Directions for this task: Down to the last word, output the records below, skipping any images.

Information shown:
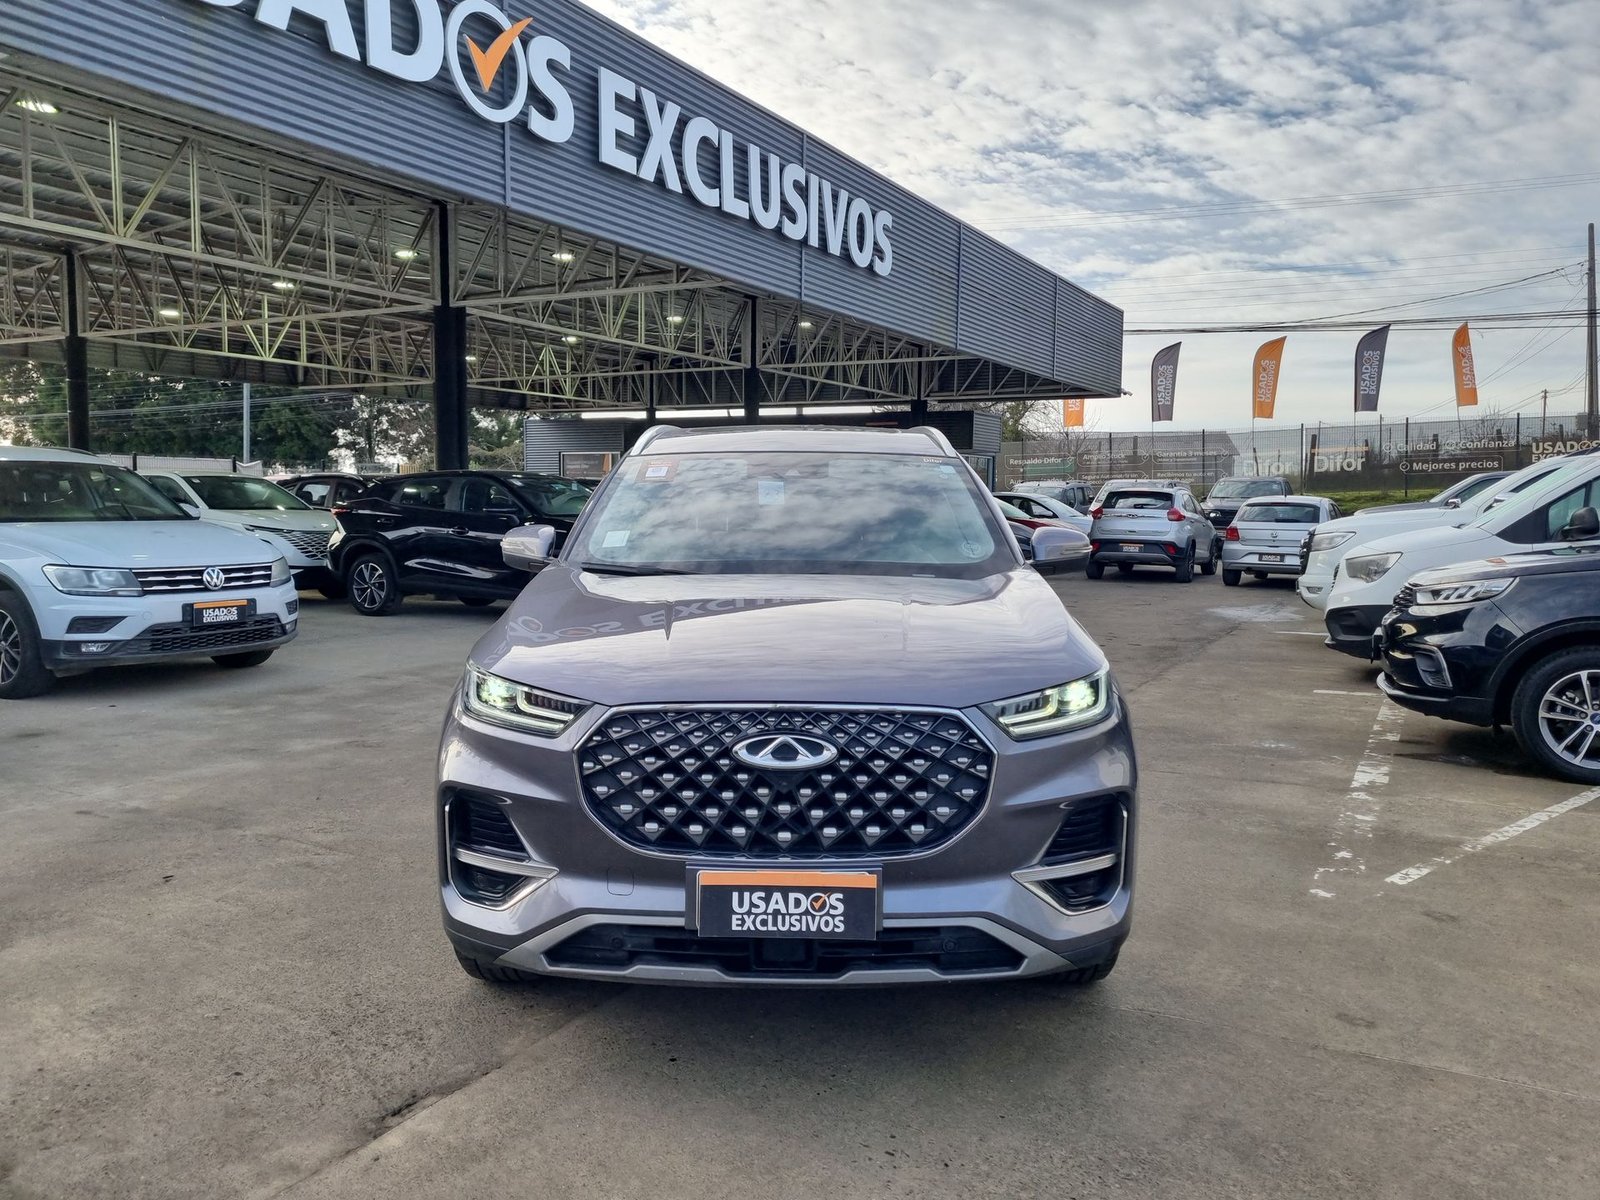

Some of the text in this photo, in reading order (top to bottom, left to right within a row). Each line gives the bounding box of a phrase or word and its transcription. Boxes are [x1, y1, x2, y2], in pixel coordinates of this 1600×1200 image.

[598, 66, 893, 277] EXCLUSIVOS
[1257, 359, 1270, 402] USADOS
[1360, 350, 1373, 395] USADOS
[1369, 350, 1381, 395] EXCLUSIVOS
[1157, 364, 1167, 405] USADOS
[1165, 364, 1174, 405] EXCLUSIVOS
[1460, 439, 1516, 449] Confianza
[1009, 456, 1063, 466] Respaldo Difor
[1314, 455, 1366, 473] Difor
[1412, 460, 1499, 472] Mejores precios
[203, 607, 238, 617] USADOS
[203, 615, 238, 623] EXCLUSIVOS
[731, 891, 844, 916] USADOS
[731, 914, 845, 933] EXCLUSIVOS

Reply to the task:
Some of the text in this photo, in reading order (top to bottom, left to right within a row). Each line gives the bounding box of a phrase or word and its transcription. Boxes are [x1, y1, x2, y2], in pixel coordinates of this 1600×1200 image.

[598, 66, 893, 277] EXCLUSIVOS
[1257, 359, 1270, 402] USADOS
[1360, 350, 1373, 395] USADOS
[1369, 350, 1381, 395] EXCLUSIVOS
[1157, 364, 1167, 405] USADOS
[1165, 364, 1174, 405] EXCLUSIVOS
[1460, 439, 1516, 449] Confianza
[1009, 456, 1063, 466] Respaldo Difor
[1314, 455, 1366, 473] Difor
[1412, 460, 1499, 472] Mejores precios
[203, 607, 238, 617] USADOS
[203, 615, 238, 623] EXCLUSIVOS
[731, 891, 844, 916] USADOS
[731, 914, 845, 933] EXCLUSIVOS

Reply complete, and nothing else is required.